Abstract
Epidemiological cutoff values (ECVs) of isavuconazole are not available for Cryptococcus spp. The isavuconazole ECVs based on wild-type (WT) MIC distributions for 438 Cryptococcus neoformans nongenotyped isolates, 870 isolates of genotype VNI, and 406 Cryptococcus gattii isolates from six laboratories and different geographical areas were 0.06, 0.12, and 0.25 μg/ml, respectively. These ECVs may aid in detecting non-WT isolates with reduced susceptibilities to isavuconazole.
TEXT
Infections caused by members of the Cryptococcus neoformans-Cryptococcus gattii species complex are considered the second most common severe mycoses among immunocompromised and nonimmunocompromised hosts in certain regions.
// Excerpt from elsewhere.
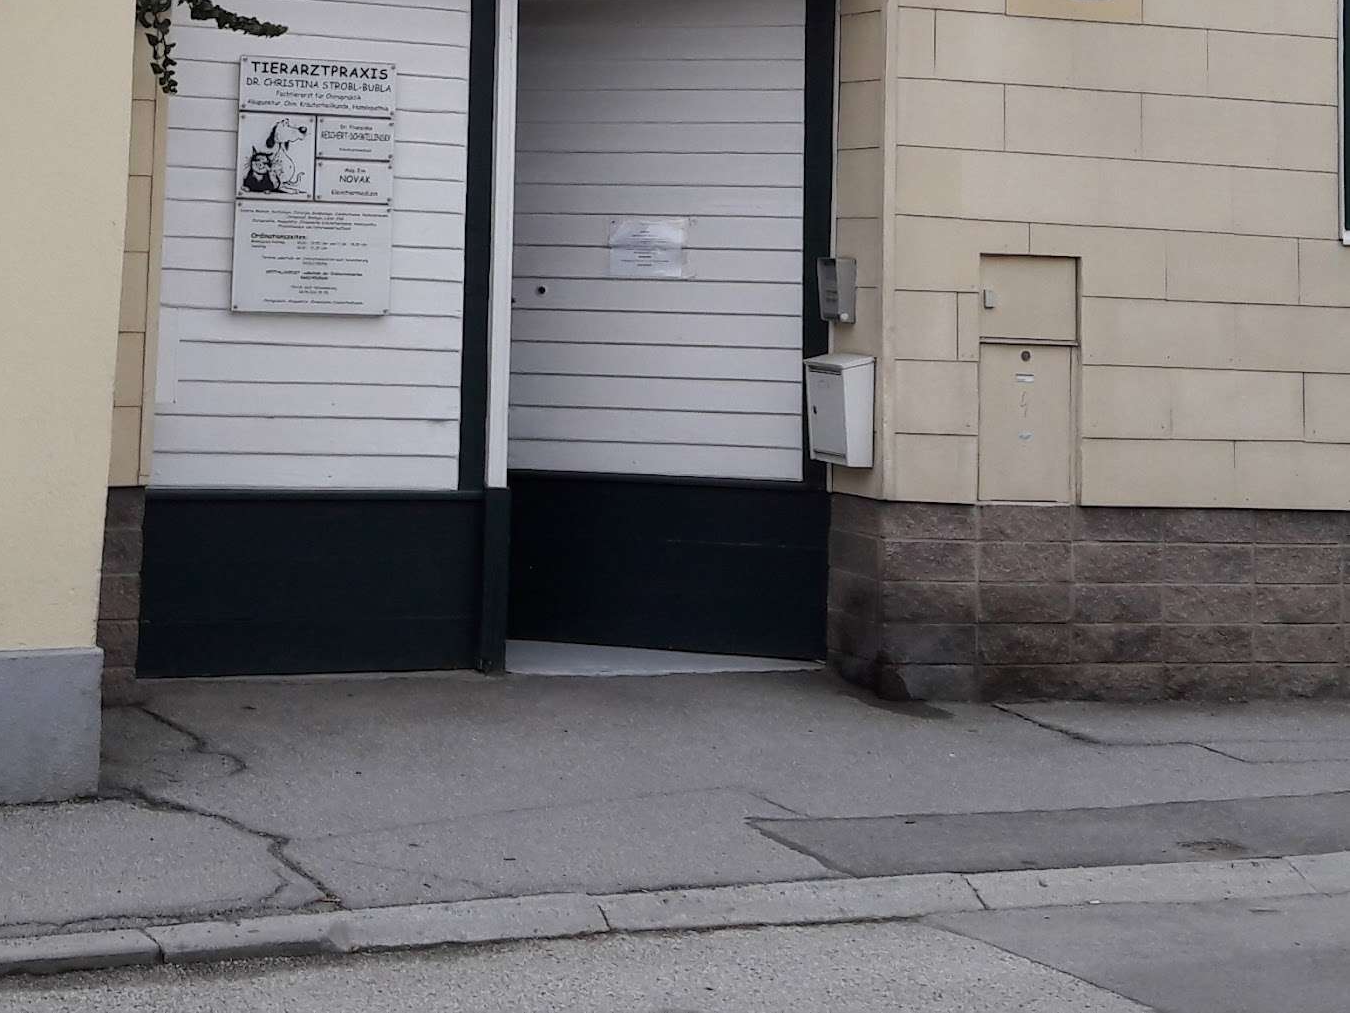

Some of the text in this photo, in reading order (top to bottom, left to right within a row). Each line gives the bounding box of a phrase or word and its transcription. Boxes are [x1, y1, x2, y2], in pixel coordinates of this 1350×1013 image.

Although infections caused by C. neoformans var. grubii (serotype A) and, to a lesser degree, by C. neoformans var. neoformans (serotype D) are seen worldwide, those by C. gattii (serotypes B and C) are more geographically restricted. Irrespective of the species, cryptococcal disease is associated with high mortality rates (≥12.7%) (1–4). C. neoformans var. grubii comprises genotypes VNI, VNII/VNB, VNII (AFLP1, AFLP1A, AFLP1B), C. neoformans var. neoformans comprises genotypes VNIV (AFLP2) and VNIII (AFLP3), and C. gattii comprises genotypes VGI (AFLP4), VGII (AFLP6), VGIV (AFLP10), VGIII (AFLP5), and VGIV (AFLP7) (1, 5–7). Amphotericin B, its lipid formulations, and fluconazole are recommended as the primary alternative induction treatments and/or as salvage consolidation therapies for infections caused by C. neoformans and C. gattii (3, 8). Isavuconazole (BAL4815, codeveloped by Basilea Pharmaceutica International Ltd. [Basel, Switzerland] and Astellas Pharma [Tokyo, Japan]) is a new water-soluble triazole with favorable pharmacodynamic and pharmacokinetic parameters and is under clinical evaluation (phase III) for the treatment of invasive aspergillosis and other mycoses. Isavuconazole's mode of action is the inhibition of ergosterol biosynthesis (enzymes 14-α-sterol demethylases A and B, which are encoded by the cyp51 [ERG11] gene), similar to that of the other azoles. The in vitro activity of isavuconazole is also similar to that of most licensed triazoles against Aspergillus spp., Candida spp., and Cryptococcus spp.; it also has activity comparable to that of posaconazole and, to a certain extent, itraconazole against some Mucorales species (9).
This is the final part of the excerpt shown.